Jit: Improve block lookup performance through a shm memory segment. #11737

krnlyng · 2023-04-07T10:30:51Z

Also remove munmap from ReserveMemoryRegion in MemArenaAndroid and put it into ReleaseMemoryRegion, otherwise the lookup table would break.

Only works on Linux and Android so far.

It gives around 2% performance boost on my x86_64 desktop when running with the speed limit disabled, on the arm64 device i've tested it the gains are less significant. But ofc might be that my testing method is wrong, and i wouldn't be surprised if the performance improvement is less or even imagined.

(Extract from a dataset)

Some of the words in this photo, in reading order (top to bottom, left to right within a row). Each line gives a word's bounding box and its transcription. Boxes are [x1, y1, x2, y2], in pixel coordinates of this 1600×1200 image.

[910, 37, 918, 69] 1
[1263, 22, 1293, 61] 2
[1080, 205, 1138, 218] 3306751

I'm filing a PR in this WIP state cause i'd like to know if i'm doing something wrong or whether the performance gains are real and whether it makes sense to continue with this work or not. I will fix the formatting to match dolphins code style after that.

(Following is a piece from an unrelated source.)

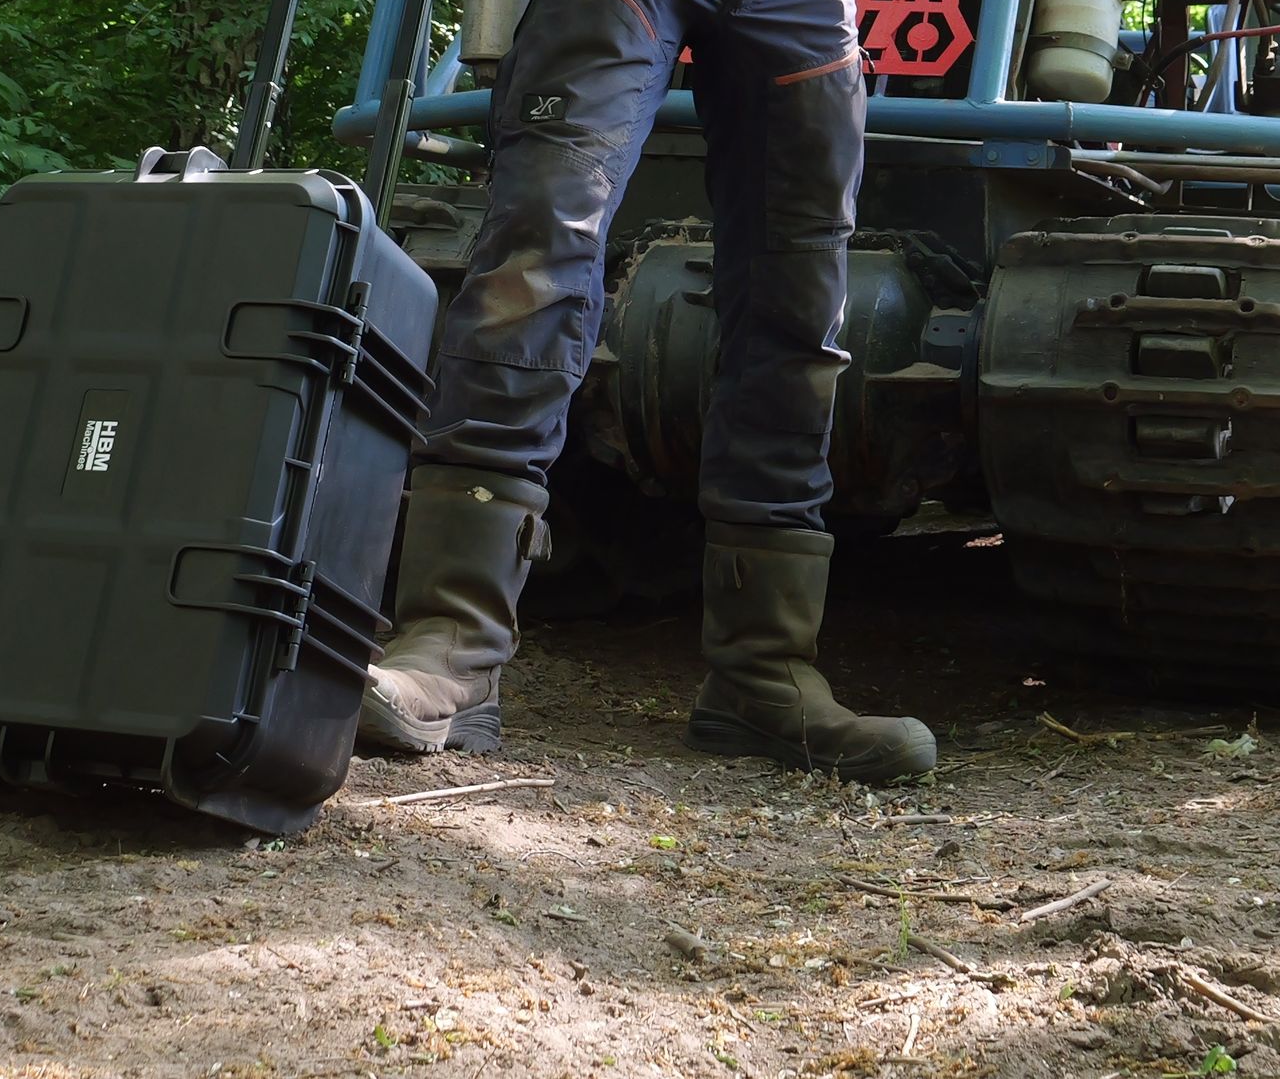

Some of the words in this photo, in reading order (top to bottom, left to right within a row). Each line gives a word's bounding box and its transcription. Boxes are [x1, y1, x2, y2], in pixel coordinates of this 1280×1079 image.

[858, 10, 955, 62] LO
[76, 420, 96, 470] Machines
[92, 421, 119, 471] HBM

In this branch i have extended the map even further and index via (addr | ((msrBits & mask) >> 4)).
https://github.com/krnlyng/dolphin/tree/block_map_msr
But this doesn't seem to change anything.

JosJuice · 2023-04-07T11:47:31Z

Interesting idea. Though I am curious where the 2% speedup comes from... I guess it's either the shorter code or the larger table. Have you tried checking what happens if you use the existing code but increase the size of the table? ( FAST_BLOCK_MAP_ELEMENTS)

krnlyng · 2023-04-07T11:55:40Z

Hi,

My best guess is it's due to the larger table since the following line

     2.07%  CPU thread       dolphin-emu-nogui                 [.] JitBaseBlockCache::GetBlockFromStartAddress

entirely disappears when running with "perf record".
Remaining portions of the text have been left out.